*** RECORDS SHOWN Section Begins ***

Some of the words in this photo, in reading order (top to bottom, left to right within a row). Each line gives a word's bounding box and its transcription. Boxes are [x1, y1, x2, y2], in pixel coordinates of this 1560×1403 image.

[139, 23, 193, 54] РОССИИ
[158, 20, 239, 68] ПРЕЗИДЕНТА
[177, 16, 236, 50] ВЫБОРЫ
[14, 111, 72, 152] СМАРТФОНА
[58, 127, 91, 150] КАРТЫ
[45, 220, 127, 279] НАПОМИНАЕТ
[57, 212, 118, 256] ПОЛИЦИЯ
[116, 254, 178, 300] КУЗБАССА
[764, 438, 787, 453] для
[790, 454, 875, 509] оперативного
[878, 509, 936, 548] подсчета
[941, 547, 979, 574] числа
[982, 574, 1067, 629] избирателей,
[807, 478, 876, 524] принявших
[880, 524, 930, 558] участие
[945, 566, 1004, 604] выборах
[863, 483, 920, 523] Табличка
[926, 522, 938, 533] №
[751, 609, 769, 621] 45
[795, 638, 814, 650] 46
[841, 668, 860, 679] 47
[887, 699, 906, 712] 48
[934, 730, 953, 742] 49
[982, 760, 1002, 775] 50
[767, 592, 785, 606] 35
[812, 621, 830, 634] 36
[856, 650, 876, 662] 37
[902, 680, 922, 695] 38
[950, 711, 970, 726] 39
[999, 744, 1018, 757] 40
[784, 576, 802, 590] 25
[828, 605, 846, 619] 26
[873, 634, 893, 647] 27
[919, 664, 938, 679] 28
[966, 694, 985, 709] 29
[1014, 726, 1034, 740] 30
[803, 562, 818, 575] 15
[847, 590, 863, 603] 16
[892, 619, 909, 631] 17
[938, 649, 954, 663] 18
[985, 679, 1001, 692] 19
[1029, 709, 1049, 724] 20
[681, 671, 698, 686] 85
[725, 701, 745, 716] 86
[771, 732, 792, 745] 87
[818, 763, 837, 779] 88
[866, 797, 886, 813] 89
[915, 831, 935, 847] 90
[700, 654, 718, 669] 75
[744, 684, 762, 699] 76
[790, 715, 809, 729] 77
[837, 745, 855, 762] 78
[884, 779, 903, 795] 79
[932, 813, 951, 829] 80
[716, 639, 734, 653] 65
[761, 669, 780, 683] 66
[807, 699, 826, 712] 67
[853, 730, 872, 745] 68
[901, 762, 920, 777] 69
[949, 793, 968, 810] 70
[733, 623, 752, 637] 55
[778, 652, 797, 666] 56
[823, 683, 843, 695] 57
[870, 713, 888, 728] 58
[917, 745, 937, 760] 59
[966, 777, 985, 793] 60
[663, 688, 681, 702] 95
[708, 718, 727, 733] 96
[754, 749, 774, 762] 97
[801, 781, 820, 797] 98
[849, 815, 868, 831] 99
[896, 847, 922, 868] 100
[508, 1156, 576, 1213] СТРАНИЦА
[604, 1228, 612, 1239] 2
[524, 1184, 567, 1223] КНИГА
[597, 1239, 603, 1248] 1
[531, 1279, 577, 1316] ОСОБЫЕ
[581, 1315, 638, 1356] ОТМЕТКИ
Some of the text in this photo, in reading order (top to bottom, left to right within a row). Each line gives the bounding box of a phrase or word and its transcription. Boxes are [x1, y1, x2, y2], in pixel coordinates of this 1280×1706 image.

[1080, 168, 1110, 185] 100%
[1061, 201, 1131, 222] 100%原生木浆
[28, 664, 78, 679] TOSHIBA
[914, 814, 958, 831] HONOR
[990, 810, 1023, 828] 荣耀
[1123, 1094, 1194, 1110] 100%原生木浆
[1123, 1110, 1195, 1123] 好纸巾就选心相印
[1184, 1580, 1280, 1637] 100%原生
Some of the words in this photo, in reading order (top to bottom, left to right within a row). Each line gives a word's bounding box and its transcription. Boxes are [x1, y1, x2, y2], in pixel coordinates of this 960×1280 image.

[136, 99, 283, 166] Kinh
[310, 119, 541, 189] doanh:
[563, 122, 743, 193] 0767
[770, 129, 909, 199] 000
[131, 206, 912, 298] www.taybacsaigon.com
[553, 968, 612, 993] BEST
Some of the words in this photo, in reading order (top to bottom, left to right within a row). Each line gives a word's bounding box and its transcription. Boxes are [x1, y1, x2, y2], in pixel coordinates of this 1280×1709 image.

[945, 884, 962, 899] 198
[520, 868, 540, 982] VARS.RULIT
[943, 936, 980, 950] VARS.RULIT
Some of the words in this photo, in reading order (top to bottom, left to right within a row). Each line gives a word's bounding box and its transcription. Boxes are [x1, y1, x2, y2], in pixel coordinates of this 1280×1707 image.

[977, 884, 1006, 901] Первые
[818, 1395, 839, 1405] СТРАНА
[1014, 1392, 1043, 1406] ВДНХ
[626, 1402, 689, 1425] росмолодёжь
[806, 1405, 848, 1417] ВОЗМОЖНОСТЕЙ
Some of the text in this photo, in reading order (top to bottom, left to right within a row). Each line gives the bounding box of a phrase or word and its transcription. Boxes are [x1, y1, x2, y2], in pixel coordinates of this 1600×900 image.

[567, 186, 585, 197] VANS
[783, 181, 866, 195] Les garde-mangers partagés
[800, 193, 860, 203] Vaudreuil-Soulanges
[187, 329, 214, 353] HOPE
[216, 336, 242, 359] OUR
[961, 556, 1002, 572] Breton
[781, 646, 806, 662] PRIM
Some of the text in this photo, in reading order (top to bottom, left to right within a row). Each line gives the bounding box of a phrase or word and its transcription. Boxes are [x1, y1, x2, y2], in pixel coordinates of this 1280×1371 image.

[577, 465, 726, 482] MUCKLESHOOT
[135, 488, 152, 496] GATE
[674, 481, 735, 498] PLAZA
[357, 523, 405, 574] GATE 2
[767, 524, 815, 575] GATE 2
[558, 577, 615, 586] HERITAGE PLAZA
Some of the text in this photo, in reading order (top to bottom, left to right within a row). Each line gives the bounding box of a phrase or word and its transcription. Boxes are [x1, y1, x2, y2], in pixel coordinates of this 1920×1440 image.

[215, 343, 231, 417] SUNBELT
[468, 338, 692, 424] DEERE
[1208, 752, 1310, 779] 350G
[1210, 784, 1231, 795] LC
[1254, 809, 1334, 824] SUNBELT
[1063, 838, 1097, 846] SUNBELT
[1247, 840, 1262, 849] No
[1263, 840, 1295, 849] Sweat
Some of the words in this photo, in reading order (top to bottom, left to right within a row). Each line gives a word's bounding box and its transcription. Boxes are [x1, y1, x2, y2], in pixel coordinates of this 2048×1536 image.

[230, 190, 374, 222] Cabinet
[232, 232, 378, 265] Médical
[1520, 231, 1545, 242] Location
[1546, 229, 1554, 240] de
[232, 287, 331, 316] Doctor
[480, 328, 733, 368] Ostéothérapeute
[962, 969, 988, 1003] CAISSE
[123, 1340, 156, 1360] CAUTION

*** RECORDS SHOWN Section Ends ***

## DIRECTIONS FOR THIS TASK
What's wanted is a faithful copy of each entry above.

## OUTPUT OF THE EXERCISE
Some of the words in this photo, in reading order (top to bottom, left to right within a row). Each line gives a word's bounding box and its transcription. Boxes are [x1, y1, x2, y2], in pixel coordinates of this 1560×1403 image.

[139, 23, 193, 54] РОССИИ
[158, 20, 239, 68] ПРЕЗИДЕНТА
[177, 16, 236, 50] ВЫБОРЫ
[14, 111, 72, 152] СМАРТФОНА
[58, 127, 91, 150] КАРТЫ
[45, 220, 127, 279] НАПОМИНАЕТ
[57, 212, 118, 256] ПОЛИЦИЯ
[116, 254, 178, 300] КУЗБАССА
[764, 438, 787, 453] для
[790, 454, 875, 509] оперативного
[878, 509, 936, 548] подсчета
[941, 547, 979, 574] числа
[982, 574, 1067, 629] избирателей,
[807, 478, 876, 524] принявших
[880, 524, 930, 558] участие
[945, 566, 1004, 604] выборах
[863, 483, 920, 523] Табличка
[926, 522, 938, 533] №
[751, 609, 769, 621] 45
[795, 638, 814, 650] 46
[841, 668, 860, 679] 47
[887, 699, 906, 712] 48
[934, 730, 953, 742] 49
[982, 760, 1002, 775] 50
[767, 592, 785, 606] 35
[812, 621, 830, 634] 36
[856, 650, 876, 662] 37
[902, 680, 922, 695] 38
[950, 711, 970, 726] 39
[999, 744, 1018, 757] 40
[784, 576, 802, 590] 25
[828, 605, 846, 619] 26
[873, 634, 893, 647] 27
[919, 664, 938, 679] 28
[966, 694, 985, 709] 29
[1014, 726, 1034, 740] 30
[803, 562, 818, 575] 15
[847, 590, 863, 603] 16
[892, 619, 909, 631] 17
[938, 649, 954, 663] 18
[985, 679, 1001, 692] 19
[1029, 709, 1049, 724] 20
[681, 671, 698, 686] 85
[725, 701, 745, 716] 86
[771, 732, 792, 745] 87
[818, 763, 837, 779] 88
[866, 797, 886, 813] 89
[915, 831, 935, 847] 90
[700, 654, 718, 669] 75
[744, 684, 762, 699] 76
[790, 715, 809, 729] 77
[837, 745, 855, 762] 78
[884, 779, 903, 795] 79
[932, 813, 951, 829] 80
[716, 639, 734, 653] 65
[761, 669, 780, 683] 66
[807, 699, 826, 712] 67
[853, 730, 872, 745] 68
[901, 762, 920, 777] 69
[949, 793, 968, 810] 70
[733, 623, 752, 637] 55
[778, 652, 797, 666] 56
[823, 683, 843, 695] 57
[870, 713, 888, 728] 58
[917, 745, 937, 760] 59
[966, 777, 985, 793] 60
[663, 688, 681, 702] 95
[708, 718, 727, 733] 96
[754, 749, 774, 762] 97
[801, 781, 820, 797] 98
[849, 815, 868, 831] 99
[896, 847, 922, 868] 100
[508, 1156, 576, 1213] СТРАНИЦА
[604, 1228, 612, 1239] 2
[524, 1184, 567, 1223] КНИГА
[597, 1239, 603, 1248] 1
[531, 1279, 577, 1316] ОСОБЫЕ
[581, 1315, 638, 1356] ОТМЕТКИ
Some of the text in this photo, in reading order (top to bottom, left to right within a row). Each line gives the bounding box of a phrase or word and its transcription. Boxes are [x1, y1, x2, y2], in pixel coordinates of this 1280×1706 image.

[1080, 168, 1110, 185] 100%
[1061, 201, 1131, 222] 100%原生木浆
[28, 664, 78, 679] TOSHIBA
[914, 814, 958, 831] HONOR
[990, 810, 1023, 828] 荣耀
[1123, 1094, 1194, 1110] 100%原生木浆
[1123, 1110, 1195, 1123] 好纸巾就选心相印
[1184, 1580, 1280, 1637] 100%原生
Some of the words in this photo, in reading order (top to bottom, left to right within a row). Each line gives a word's bounding box and its transcription. Boxes are [x1, y1, x2, y2], in pixel coordinates of this 960×1280 image.

[136, 99, 283, 166] Kinh
[310, 119, 541, 189] doanh:
[563, 122, 743, 193] 0767
[770, 129, 909, 199] 000
[131, 206, 912, 298] www.taybacsaigon.com
[553, 968, 612, 993] BEST
Some of the words in this photo, in reading order (top to bottom, left to right within a row). Each line gives a word's bounding box and its transcription. Boxes are [x1, y1, x2, y2], in pixel coordinates of this 1280×1709 image.

[945, 884, 962, 899] 198
[520, 868, 540, 982] VARS.RULIT
[943, 936, 980, 950] VARS.RULIT
Some of the words in this photo, in reading order (top to bottom, left to right within a row). Each line gives a word's bounding box and its transcription. Boxes are [x1, y1, x2, y2], in pixel coordinates of this 1280×1707 image.

[977, 884, 1006, 901] Первые
[818, 1395, 839, 1405] СТРАНА
[1014, 1392, 1043, 1406] ВДНХ
[626, 1402, 689, 1425] росмолодёжь
[806, 1405, 848, 1417] ВОЗМОЖНОСТЕЙ
Some of the text in this photo, in reading order (top to bottom, left to right within a row). Each line gives the bounding box of a phrase or word and its transcription. Boxes are [x1, y1, x2, y2], in pixel coordinates of this 1600×900 image.

[567, 186, 585, 197] VANS
[783, 181, 866, 195] Les garde-mangers partagés
[800, 193, 860, 203] Vaudreuil-Soulanges
[187, 329, 214, 353] HOPE
[216, 336, 242, 359] OUR
[961, 556, 1002, 572] Breton
[781, 646, 806, 662] PRIM
Some of the text in this photo, in reading order (top to bottom, left to right within a row). Each line gives the bounding box of a phrase or word and its transcription. Boxes are [x1, y1, x2, y2], in pixel coordinates of this 1280×1371 image.

[577, 465, 726, 482] MUCKLESHOOT
[135, 488, 152, 496] GATE
[674, 481, 735, 498] PLAZA
[357, 523, 405, 574] GATE 2
[767, 524, 815, 575] GATE 2
[558, 577, 615, 586] HERITAGE PLAZA
Some of the text in this photo, in reading order (top to bottom, left to right within a row). Each line gives the bounding box of a phrase or word and its transcription. Boxes are [x1, y1, x2, y2], in pixel coordinates of this 1920×1440 image.

[215, 343, 231, 417] SUNBELT
[468, 338, 692, 424] DEERE
[1208, 752, 1310, 779] 350G
[1210, 784, 1231, 795] LC
[1254, 809, 1334, 824] SUNBELT
[1063, 838, 1097, 846] SUNBELT
[1247, 840, 1262, 849] No
[1263, 840, 1295, 849] Sweat
Some of the words in this photo, in reading order (top to bottom, left to right within a row). Each line gives a word's bounding box and its transcription. Boxes are [x1, y1, x2, y2], in pixel coordinates of this 2048×1536 image.

[230, 190, 374, 222] Cabinet
[232, 232, 378, 265] Médical
[1520, 231, 1545, 242] Location
[1546, 229, 1554, 240] de
[232, 287, 331, 316] Doctor
[480, 328, 733, 368] Ostéothérapeute
[962, 969, 988, 1003] CAISSE
[123, 1340, 156, 1360] CAUTION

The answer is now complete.